Gerecht in Ambtenarenzaken van Aruba, Curaçao, Sint Maarten en van Bonaire, Sint Eustatius en Saba

Datum uitspraak
14 juli 2017
Publicatiedatum
24 juli 2017
Zaaknummer
GAZ 30/2014
Instantie
Gerecht in Ambtenarenzaken van Aruba, Curaçao, Sint Maarten en van Bonaire, Sint Eustatius en Saba
Type
Uitspraak
Rechtsgebied
Bestuursrecht; Ambtenarenrecht
Procedures
  • Eerste aanleg - enkelvoudig
Vindplaatsen
  • Rechtspraak.nl
AI samenvatting door LexboostAutomatisch gegenereerd

Disciplinaire straf voor politieambtenaar wegens plichtsverzuim en geweld tijdens aanhouding

In deze zaak heeft het Gerecht in Ambtenarenzaken van Sint Eustatius uitspraak gedaan over een geschil tussen een politieambtenaar, klager, en de Minister van Binnenlandse Zaken en Koninkrijksrelaties, verweerder. Klager, werkzaam bij het Korps Politie BES, werd op 24 juni 2014 disciplinair gestraft met een terugzetting in salaris wegens plichtsverzuim. Dit plichtsverzuim was gerelateerd aan een incident op 9 augustus 2013, waarbij klager een man, de heer K, aanhield in een supermarkt op Saba.

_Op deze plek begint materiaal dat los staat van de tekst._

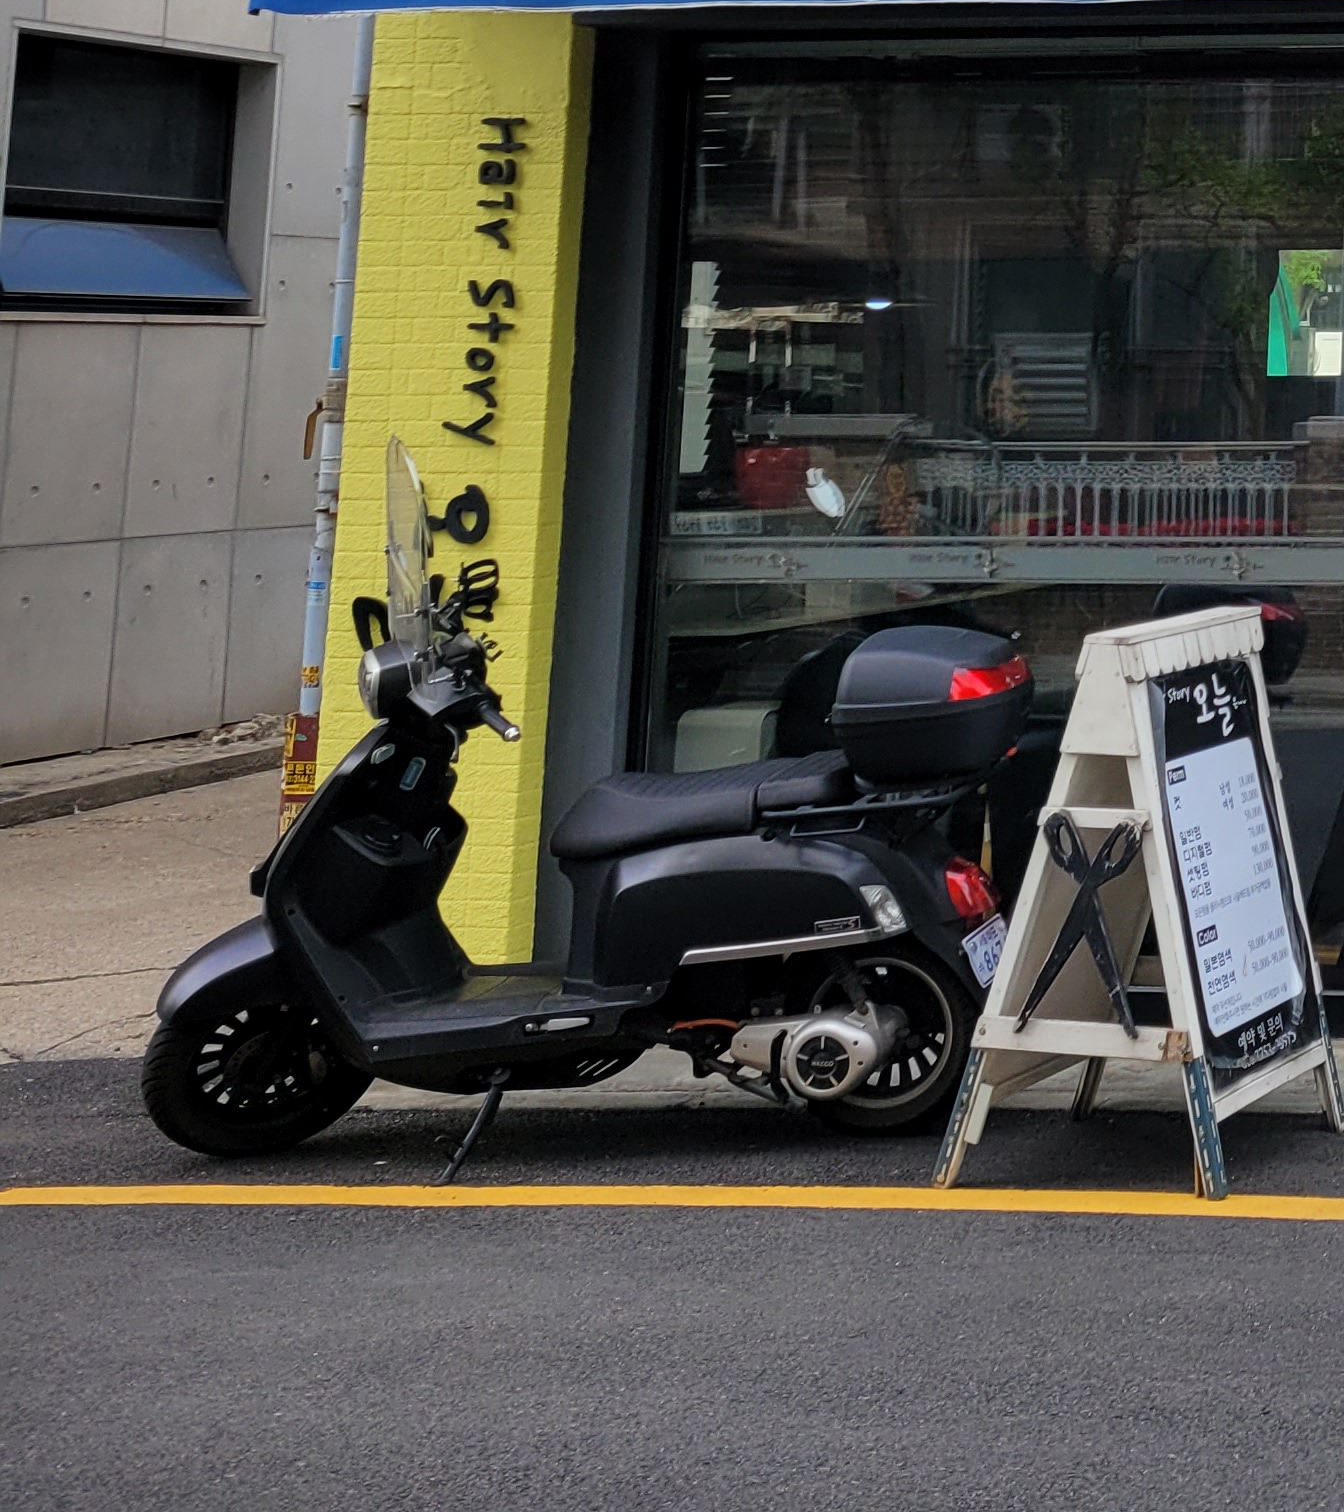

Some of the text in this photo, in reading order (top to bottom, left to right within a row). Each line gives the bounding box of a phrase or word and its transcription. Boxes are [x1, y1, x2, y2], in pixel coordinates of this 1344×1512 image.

[441, 116, 526, 445] Hair Story
[1167, 685, 1191, 704] Story
[1198, 928, 1218, 946] Color

Klager had de heer K aangesproken op zijn gedrag, maar de heer K had geen gehoor gegeven aan het verzoek om zich aan te kleden. Klager maakte een proces-verbaal op, maar de heer K diende later een klacht in tegen klager, wat leidde tot een strafrechtelijk onderzoek. Het Openbaar Ministerie besloot klager voorwaardelijk niet te vervolgen, maar de Minister legde toch een disciplinaire straf op.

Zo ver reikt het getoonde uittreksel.